Wednesday 24 October 2007

“Lift your hands, God’s children, bless our kind fatherland”

My old friend Neill Harvey-Smith is crowing about the Polish Election result, and above all about the removal from Parliament of the League of Polish Families (LPR), which got its big break in 2001 by advocating the following 10 points, kindly set out by NHS (as everyone calls him):

1) defence of Polish sovereignty; 2) defence of national production, trade and services; 3) reduction of bureaucracy; 4) improving the administration of justice through electing judges; 5) limiting the inflow of foreign capital; 6) creating a dozen national concerns forming the “commanding heights” of the economy; 7) making it easier for small businesses to flourish; 8) changing agreements with the EU to ensure balanced trade; 9) diversion of national currency reserves into structural investments; 10) introduction of anti-dumping duty on foreign food imports.

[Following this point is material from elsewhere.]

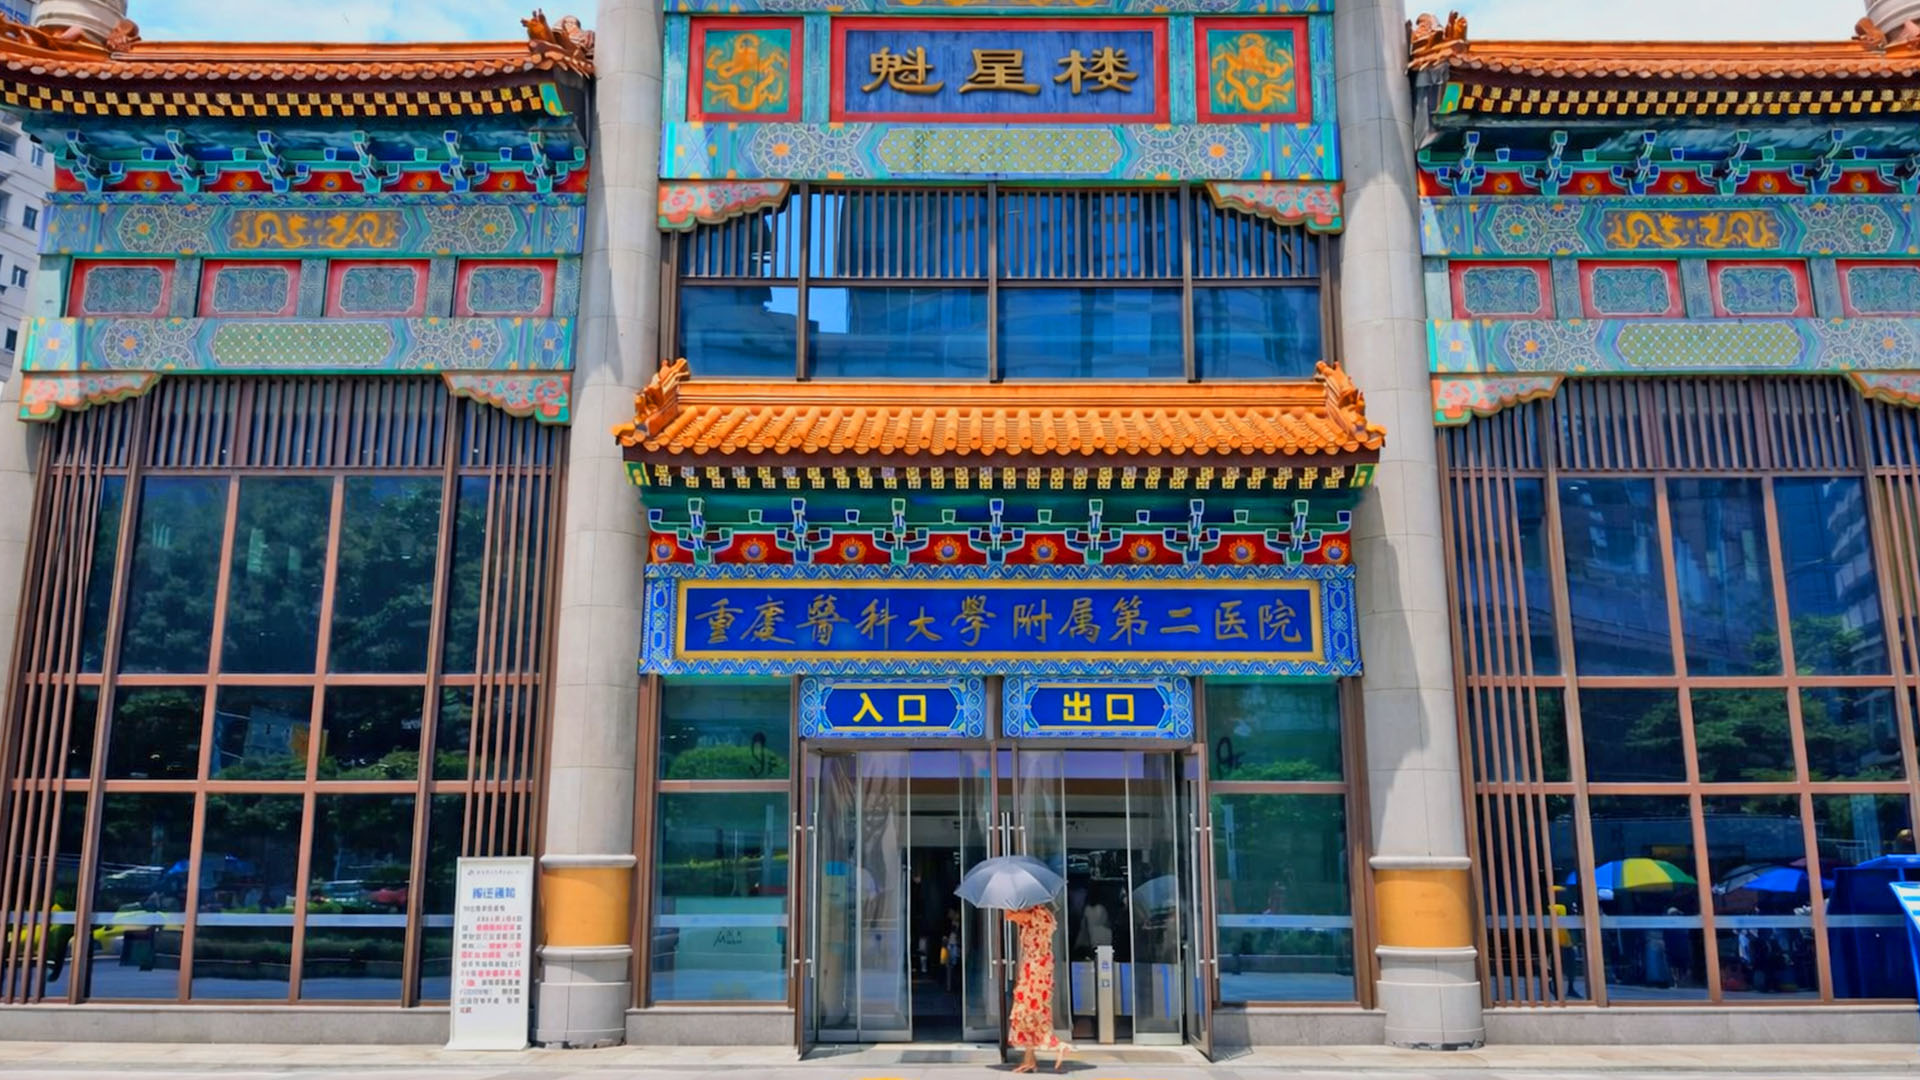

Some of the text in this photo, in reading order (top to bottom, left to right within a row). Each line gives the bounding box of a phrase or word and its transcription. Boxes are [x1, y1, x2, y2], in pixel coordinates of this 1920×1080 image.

[861, 46, 1138, 95] 魁星楼
[853, 692, 927, 722] 入口
[1063, 691, 1135, 722] 出口

10 points of dementure, obviously...

So instead, the Civic Platform, rabidly neoliberal economically and (as if the old Law and Justice lot were not bad enough on this score) neoconservative geopolitically, is to go into coalition with the re-named, tellingly pro-EU, old Communist Party and a glorified pressure group for EU farm subsidies, effectively an EU-bankrolled party.

Which is much better.

Isn't it?

11 comments:

  1. Perhaps surprisingly, yes it is better.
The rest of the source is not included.